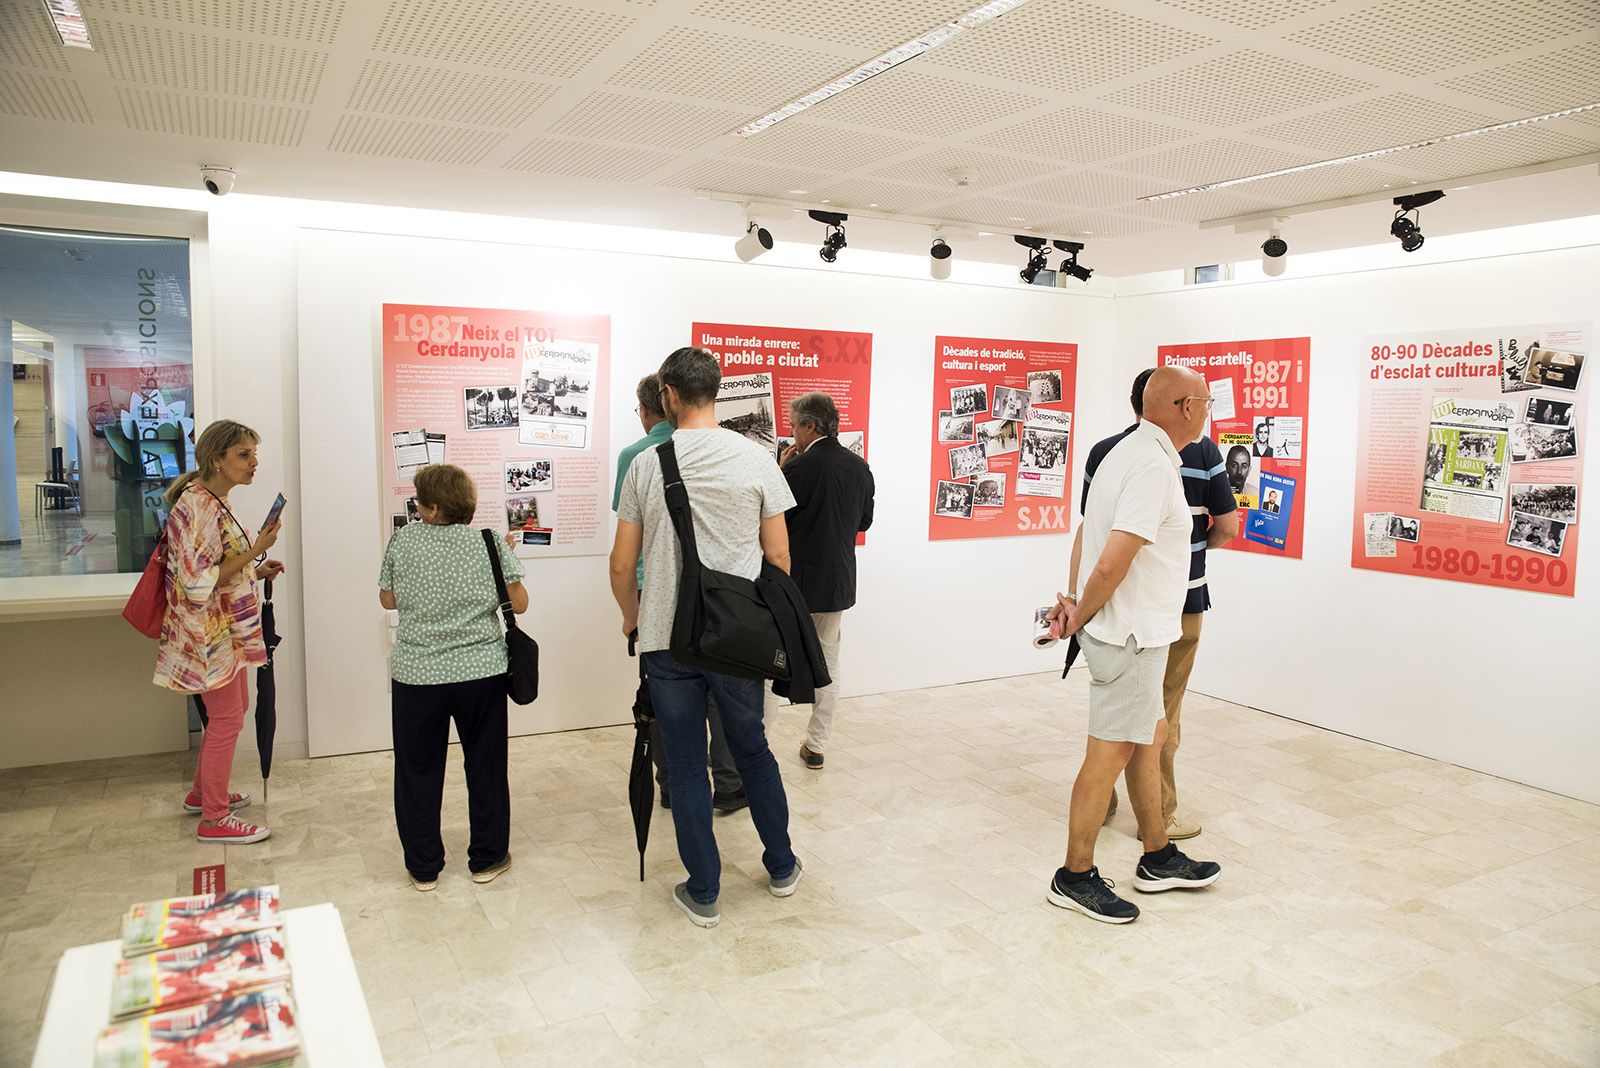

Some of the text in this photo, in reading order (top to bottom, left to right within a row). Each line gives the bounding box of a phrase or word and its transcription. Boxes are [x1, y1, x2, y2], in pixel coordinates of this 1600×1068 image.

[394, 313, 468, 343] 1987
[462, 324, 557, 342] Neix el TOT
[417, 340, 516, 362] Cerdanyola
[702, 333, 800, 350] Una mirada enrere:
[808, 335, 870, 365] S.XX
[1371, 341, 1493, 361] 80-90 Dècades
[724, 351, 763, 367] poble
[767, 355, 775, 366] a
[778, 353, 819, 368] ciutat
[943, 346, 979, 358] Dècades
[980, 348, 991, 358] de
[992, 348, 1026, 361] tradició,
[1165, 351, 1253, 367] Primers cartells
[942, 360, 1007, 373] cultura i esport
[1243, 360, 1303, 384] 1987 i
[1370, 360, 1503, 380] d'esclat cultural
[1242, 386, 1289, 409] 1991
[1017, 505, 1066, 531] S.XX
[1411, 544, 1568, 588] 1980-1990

####################

- TASK STATEMENT
Pictures stay out. Write out everything else in the material exactly.

- RESULT
Some of the text in this photo, in reading order (top to bottom, left to right within a row). Each line gives the bounding box of a phrase or word and its transcription. Boxes are [x1, y1, x2, y2], in pixel coordinates of this 1600×1068 image.

[394, 313, 468, 343] 1987
[462, 324, 557, 342] Neix el TOT
[417, 340, 516, 362] Cerdanyola
[702, 333, 800, 350] Una mirada enrere:
[808, 335, 870, 365] S.XX
[1371, 341, 1493, 361] 80-90 Dècades
[724, 351, 763, 367] poble
[767, 355, 775, 366] a
[778, 353, 819, 368] ciutat
[943, 346, 979, 358] Dècades
[980, 348, 991, 358] de
[992, 348, 1026, 361] tradició,
[1165, 351, 1253, 367] Primers cartells
[942, 360, 1007, 373] cultura i esport
[1243, 360, 1303, 384] 1987 i
[1370, 360, 1503, 380] d'esclat cultural
[1242, 386, 1289, 409] 1991
[1017, 505, 1066, 531] S.XX
[1411, 544, 1568, 588] 1980-1990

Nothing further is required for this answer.